Lately, more and more wine news is environmental catastrophe news. Fires in the Okanagan, floods in Central Italy, an early frost in Burgundy. Wine is made on the littoral between temperate and tropical climate zones and weather is consequential enough to be newsworthy. This year French wine production will overtake Italy for the first time in a long time because of lousy weather east of the Maritime Alps.

Other environmental news include specific campaigns, like the one get rid of unnecessarily heavy bottles. They require more energy to ship, but studies show consumers equate a big heavy bottle with a pricier wine.

News might also be about “sustainable practices,” like a big winery going organic, or a new kind of certification and labeling system. Or more esoteric ones, like the establishment of an online registry of old vines around the world.

There’s crime news too. Fake wine news usually means exactly that. There is almost always some story out there about wine fraud. It’s a pretty easy crime to switch a label, and the luxury wine business is run on scarcity and demand. And with the astronomic price of genuine fine wine, there are more and more reported heists of the stuff. (Come on Hollywood, give us a wine heist movie.).

These crimes might be fuelled by aspirational lifestyle wine news. Who wouldn’t want to go to a tasting of five decades worth of one of the most famous “Super Tuscans” in a palazzo in Venice? Or sympathizes with the Australian investor who is selling off his large collection of Domaine Romanée-Conti, because he thinks it would be “unethical” to drink it at tens of thousands of dollars a bottle?

Wine news also comes in mainstream and independent channels, including the increasingly ubiquitous Substack platform, which allows for more in-depth reporting. In truth, most of the people who write for the former also write for the latter. And I suspect we read each other in all formats as much as we can.

In any event, here is some wine news that you can use, if you choose. It’s come straight from the field, and it’s about a bottle of wine I found at my local shop that tells a story in itself.

From Western Sicily, the Caruso & Minini label is a two decades old collaboration between winemaker Stefano Caruso and his daughters, Giovanna and Rosanna, and Mario Minini a wine marketer and packager from Lombardy with projects across Italy. The company and their wines are succinct expression of the shift towards fine wines in Sicily since the 1990s.

The 2021 Caruso & Minini Naturalmente Bio Catarratto is a $20 odd dollar wine ($21.95 in Ontario) that drinks like something twice the price. Bio is short for biologica, meaning organic, and Catarratto is the name of the indigenous Sicilian white wine grape from which it’s made. Catarratto competes with Sangiovese as Italy’s most planted grape, but has had a less noble reputation until recently.
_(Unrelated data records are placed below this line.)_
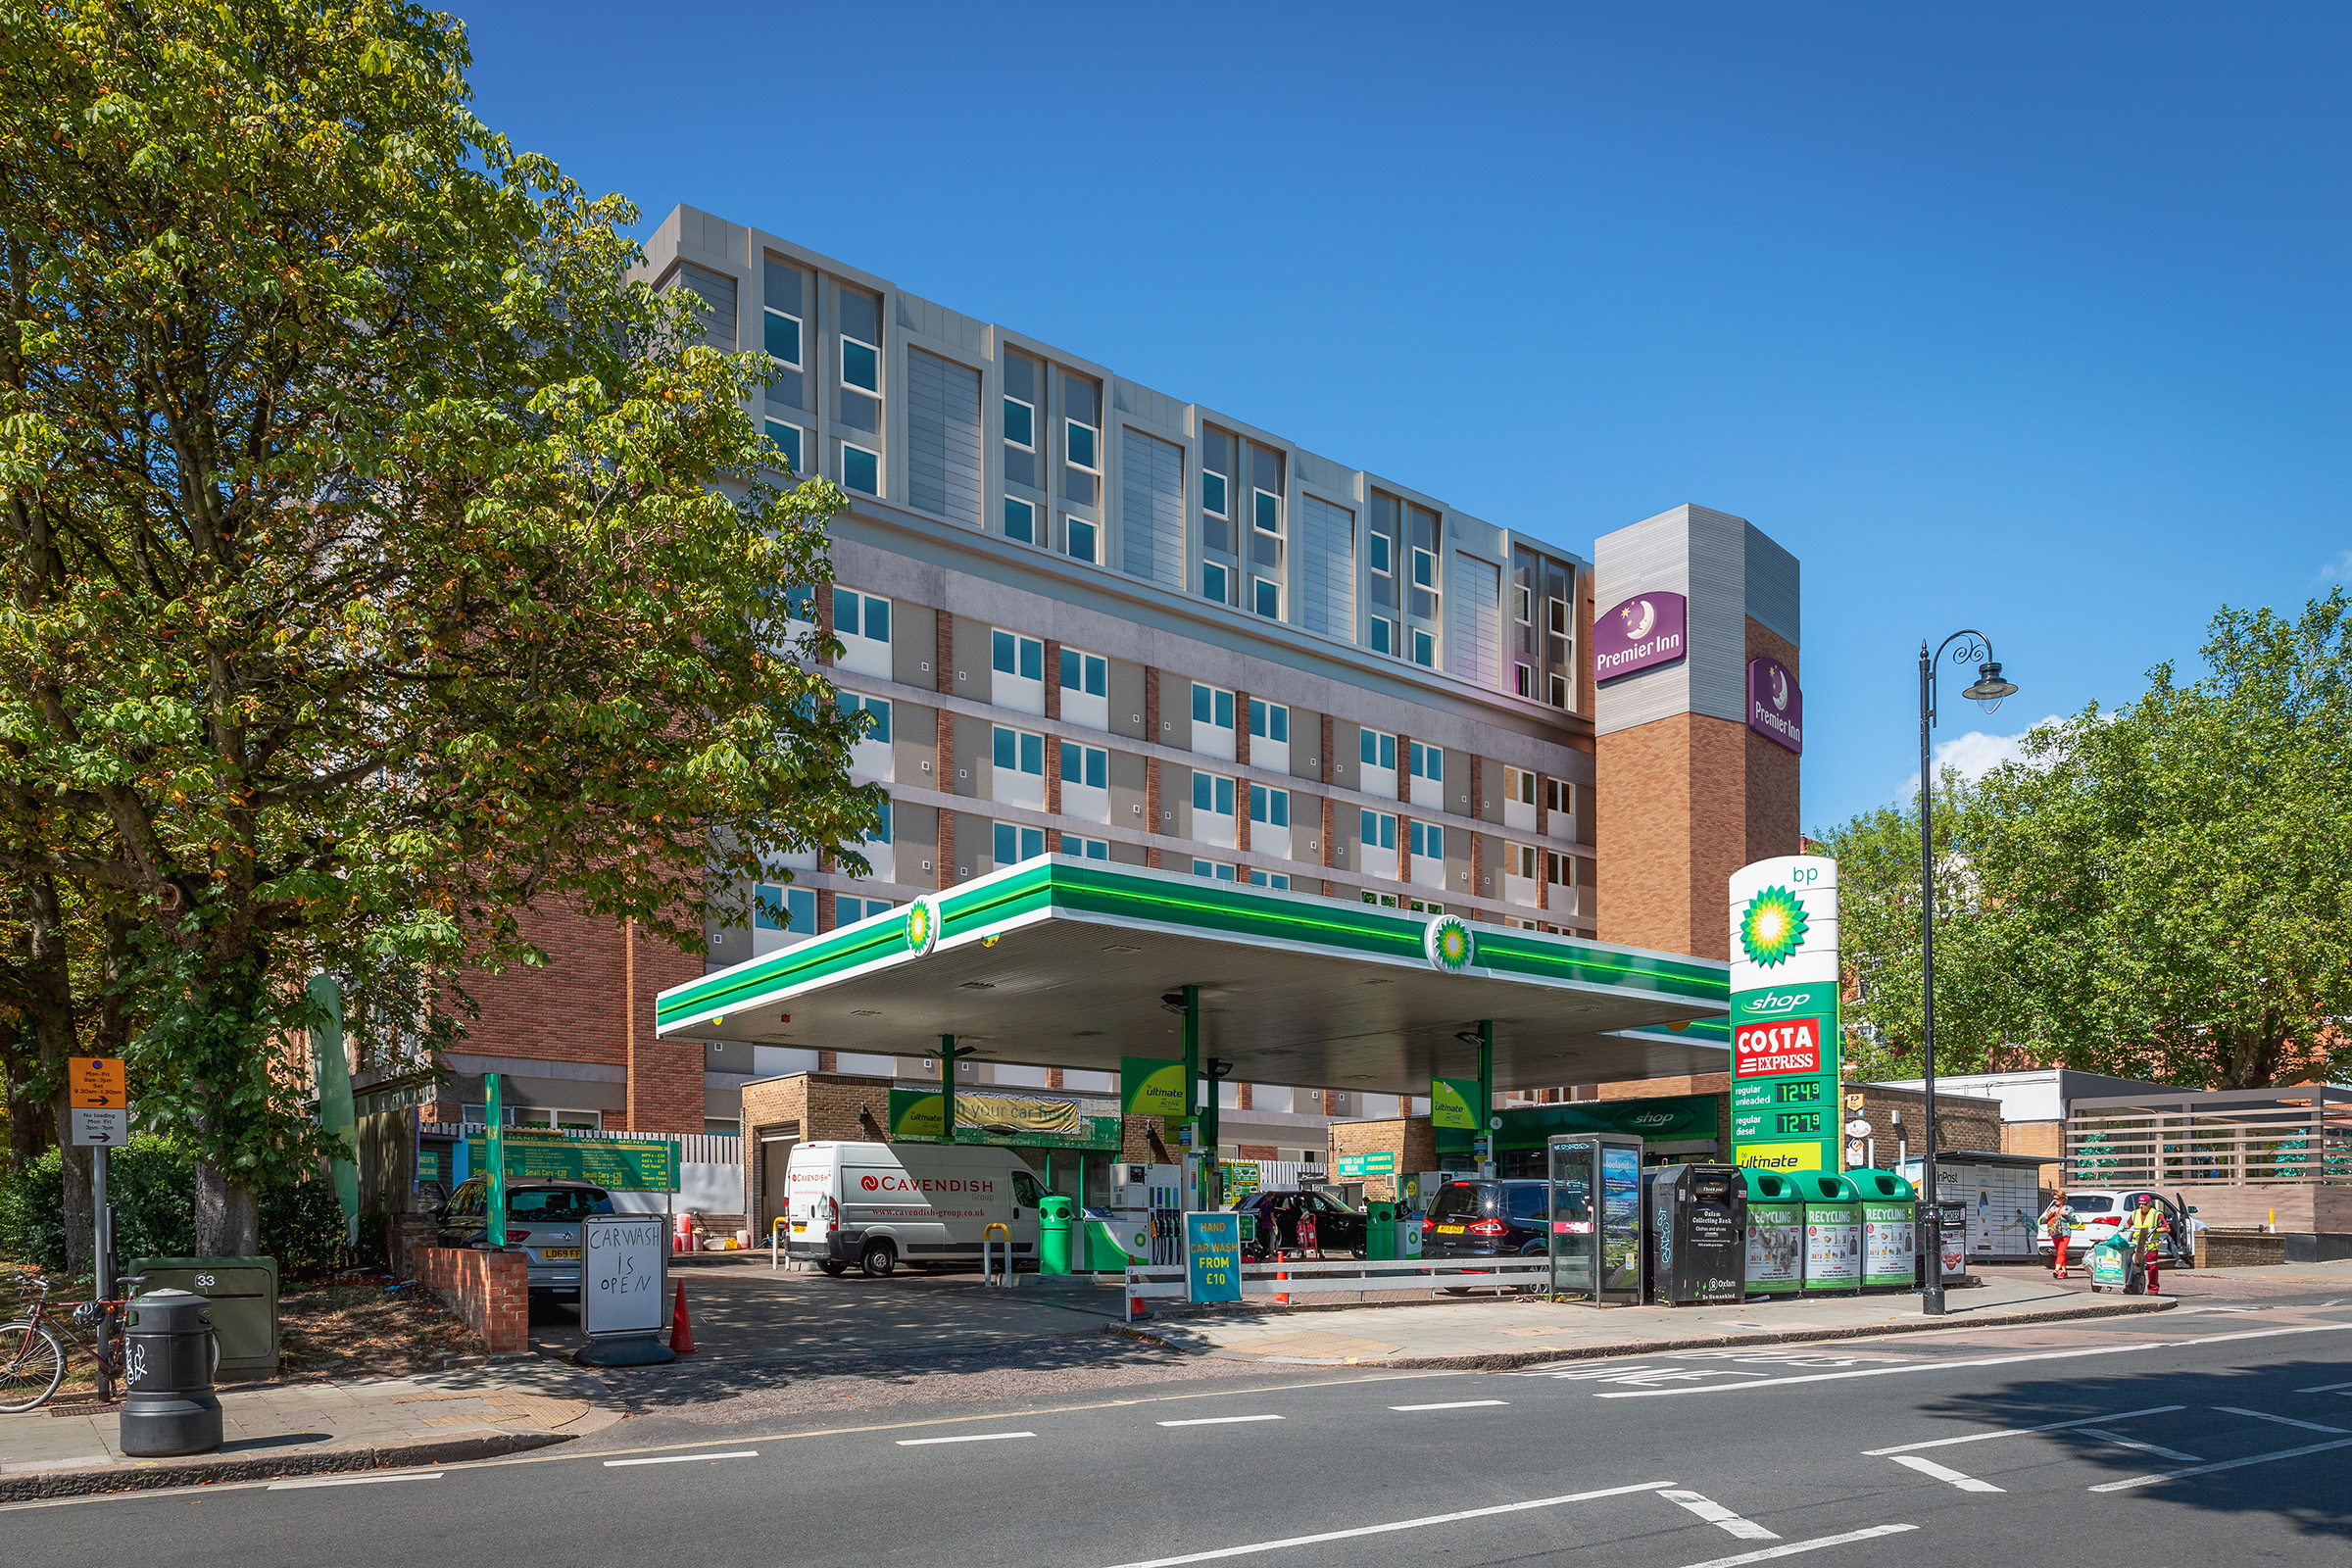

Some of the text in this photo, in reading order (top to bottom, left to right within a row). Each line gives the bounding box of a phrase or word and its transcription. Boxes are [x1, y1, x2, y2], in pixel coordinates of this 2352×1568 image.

[1597, 634, 1679, 671] Premier Inn
[1756, 701, 1800, 742] Premier Inn
[1793, 866, 1818, 885] bp
[1751, 992, 1811, 1012] shop
[1738, 1026, 1813, 1054] COSTA
[1757, 1053, 1813, 1072] EXPRESS
[1147, 1087, 1183, 1098] ultimate
[1735, 1085, 1761, 1096] regular
[1782, 1083, 1819, 1102] 124.9
[1735, 1095, 1770, 1105] unleaded
[971, 1103, 1004, 1119] your
[1011, 1106, 1034, 1119] car
[1039, 1106, 1071, 1122] here
[1435, 1103, 1463, 1113] ultimate
[910, 1113, 942, 1122] ultimate
[1636, 1112, 1674, 1126] shop
[1736, 1115, 1761, 1126] regular
[1783, 1114, 1819, 1132] 127.9
[1736, 1126, 1755, 1136] diesel
[1606, 1160, 1629, 1170] Iceland
[1741, 1154, 1798, 1169] ultimate
[881, 1176, 993, 1192] CAVENDISH
[972, 1193, 994, 1201] Group
[872, 1208, 985, 1218] www.cavendish-group.co.uk
[1749, 1211, 1791, 1224] RECYCLING
[1809, 1210, 1850, 1223] RECYCLING
[1866, 1208, 1905, 1220] RECYCLING
[1944, 1210, 1959, 1221] SHOES
[1200, 1222, 1225, 1232] HAND
[1190, 1242, 1238, 1253] CAR WASH
[1199, 1257, 1229, 1269] FROM
[197, 1276, 215, 1286] 33
[601, 1275, 651, 1294] OPEN
[1206, 1273, 1225, 1284] £10
[1666, 1350, 1910, 1367] BUS
[1496, 1363, 1769, 1386] LANE
Catarratto was the mainstay of Marsala, the sweet fortified wine for which Sicily was best known until growers began making their own fine wines. There’s a lot of it planted in Sicily, but until winemakers got serious about making fine wine with it in the last 20 years, not a lot of interesting things being done with it, as demand for Marsala waned.

The international (French) grape analogue to Catarratto might be Chardonnay, which is able to either express its terroir like a chameleon, or express the technique of its maker in the cellar, or both. The 2021 Caruso & Minini Catarratto is a three part quaffer. First, a bouquet of white flowers on the nose. Second, a solid wash of fruit over the palate, with stone fruits and citrus notes (peach and mandarin), balanced by a refreshing twang of acidity. Then, a touch of honeysuckle sweetness on the finish. It’s a good ride, and decidedly moreish.

A popular clone of Catarratto is called Lucido, meaning shining, or illuminating. Perhaps there’s as much to learn in the glass as there is in the news. Or perhaps, like every good wine, it just helps to digest it.